Employee Feedback Strategy: High Tech 5 Approaches. Employee feedback has become an essential part of any employee experience strategy. Especially in hybrid working conditions, continuous dialogue between employees, leaders, and the organization is important to drive social connection and a culture of inclusivity and performance. Employee Feedback Strategy: High Tech 5 Approaches.
Research by CIPD shows that organizations with effective feedback strategies build more trust with employees, are more innovative, achieve higher productivity levels, and improve employee retention. Employee Feedback Strategy: High Tech 5 Approaches.
Visit our YouTube channel and don’t forget to Like, Subscribe, and Share the video www.youtube.com/@10XHRCoach
Also, Read these articles
The More Revolutionary 11 HR Trends for 2023
Proven 10 Ways To Encourage Your Employees.

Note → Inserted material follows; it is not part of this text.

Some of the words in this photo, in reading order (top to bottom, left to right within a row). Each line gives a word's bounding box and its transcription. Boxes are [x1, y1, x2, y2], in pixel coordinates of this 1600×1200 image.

Excited to know about Employee Listening Strategy
How to Unleash the Power of Mind?
How to Overcome Challenges for Remote Workers
The Ultimate Guide to the Performance Appraisal
More recently, organizations have effectively utilized employee feedback to craft hybrid working strategies or to discover the sentiment about return-to-office approaches. Uber is a prime example, where employee feedback guided their decisions about how to structure their hybrid working model. Similarly, an African insurance business used employee feedback to inform its decision to continue allowing employees to work remotely.

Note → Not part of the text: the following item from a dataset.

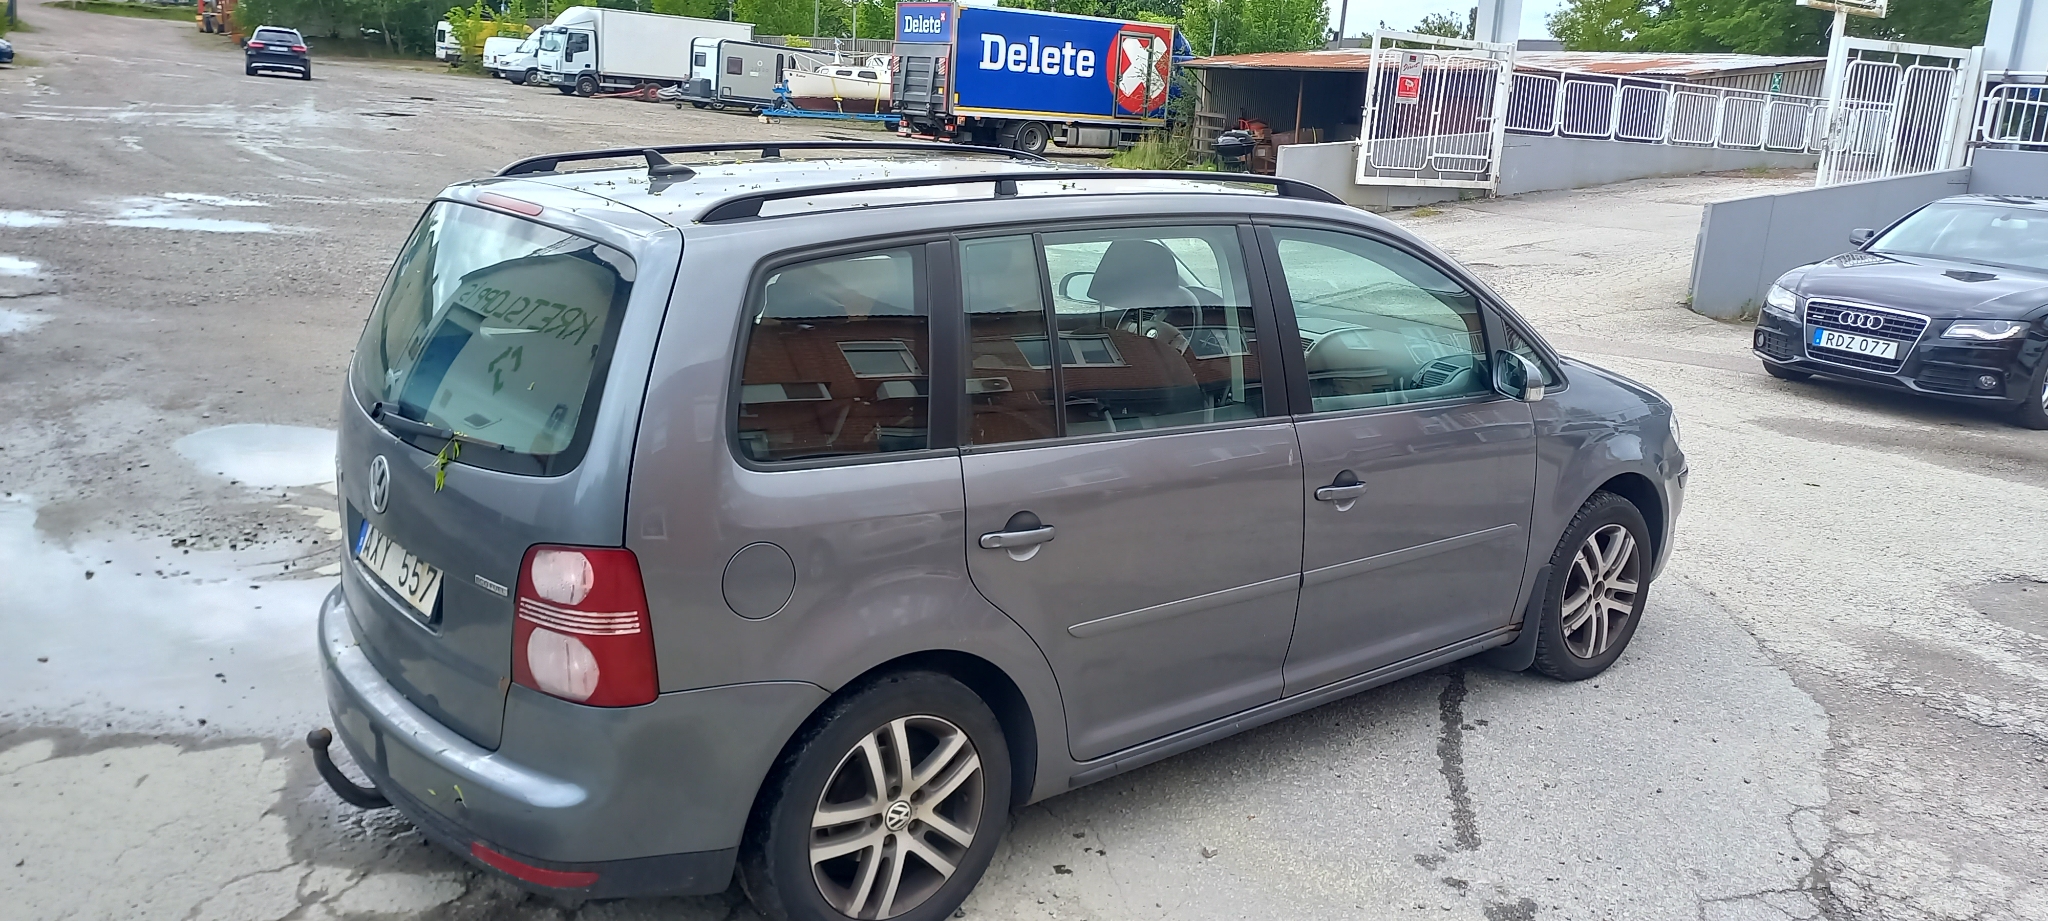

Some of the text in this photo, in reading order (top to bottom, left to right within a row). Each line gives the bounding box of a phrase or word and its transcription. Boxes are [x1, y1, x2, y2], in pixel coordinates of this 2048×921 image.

[903, 15, 942, 34] Delete
[979, 33, 1095, 78] Delete
[1825, 332, 1890, 355] RDZ 077
[362, 526, 438, 603] AXY 557

In this article, we explain five approaches you can adopt to implement your employee feedback strategy.
Contents
What is employee feedback and why is it important?
The challenges with employee feedback strategies
5 approaches toward employee feedback and Listening
Deciding on the best feedback approach for your organization.
What is employee feedback and why is it important?
Employee feedback can be defined as an employee’s ability to authentically and safely express their views and provide suggestions to influence decisions at work. Employees who feel heard are 4.6 times more likely to perform their best work, and 89% of HR leaders agree that regular and open feedback contributes to achieving organizational performance and outcomes.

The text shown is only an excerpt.